Despite the number of cases or samples submitted being lower, surveillance of selected pathogens continued and clusters were identified, they added.
Salmonella and E. coli
In 2020, 264 of 510 analyzed Salmonella Enteritidis isolates could be assigned to 17 clusters. Six clusters had more than 20 isolates. The largest had 44 isolates.
For two multi-country Salmonella Enteritidis outbreaks, very closely related German isolates were identified and submitted to the European Center for Disease Prevention and Control (ECDC).
However, whole genome sequencing (WGS) data needs to be backed up by epidemiological information to identify outbreaks, as clustered isolates by WGS do not automatically mean there is an outbreak.
In 2020, 774 EHEC cultures were analyzed. In spring, several STEC O153 cases were recorded in north-western Germany.
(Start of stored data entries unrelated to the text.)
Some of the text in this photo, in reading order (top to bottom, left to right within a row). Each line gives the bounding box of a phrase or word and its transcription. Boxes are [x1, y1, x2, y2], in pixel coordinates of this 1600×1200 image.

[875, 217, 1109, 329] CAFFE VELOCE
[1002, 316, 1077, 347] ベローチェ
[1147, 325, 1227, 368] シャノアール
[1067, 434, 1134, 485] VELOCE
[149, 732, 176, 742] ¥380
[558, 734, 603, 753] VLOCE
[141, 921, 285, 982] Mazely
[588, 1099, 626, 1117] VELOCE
NRZ Salm received 19 isolates from an outbreak of E. coli O26:H11 which affected several children’s facilities in Northwest Mecklenburg at the end of November and the beginning of December.
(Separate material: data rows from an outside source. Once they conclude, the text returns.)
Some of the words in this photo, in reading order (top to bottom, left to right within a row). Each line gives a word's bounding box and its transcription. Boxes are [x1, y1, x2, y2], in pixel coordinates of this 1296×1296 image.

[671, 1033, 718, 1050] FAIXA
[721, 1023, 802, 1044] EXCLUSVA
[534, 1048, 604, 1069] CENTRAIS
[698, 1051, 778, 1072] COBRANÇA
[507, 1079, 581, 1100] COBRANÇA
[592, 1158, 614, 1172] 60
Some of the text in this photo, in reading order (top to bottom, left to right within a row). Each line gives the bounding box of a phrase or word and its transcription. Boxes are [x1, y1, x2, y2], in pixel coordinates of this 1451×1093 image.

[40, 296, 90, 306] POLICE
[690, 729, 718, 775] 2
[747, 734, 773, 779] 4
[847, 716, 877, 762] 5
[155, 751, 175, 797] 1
From the end of July to the beginning of October 2020, 50 hemolytic uremic syndrome (HUS) cases were registered, especially in Bavaria and Baden-Württemberg in southern Germany. However, an outbreak was ruled out as from 22 isolates available for sequencing 12 different E. coli types were found and there were no matches from patient samples.
Molecular surveillance revealed 27 small clusters with two to five isolates. In none of them was their evidence of specific foods as a source of infection.
Listeria and Campylobacter
In 2020, KL Listeria received 441 submissions of clinical Listeria monocytogenes isolates from Germany. In total, 259 of the isolates could be assigned to 82 clusters. One cluster had 55 isolates, another had 16, and two had 12.
By comparing sequences with the NRL for Listeria monocytogenes at the German Federal Institute for Risk Assessment (BfR), it was possible to identify food isolates for 26 of the clusters active in 2020.
Four larger Campylobacter clusters were identified, which had 18, 22, 27, and 71 isolates per cluster. Similar isolates from other countries, in particular Denmark and Luxembourg, can be found, so it appears illnesses have occurred across borders, said scientists.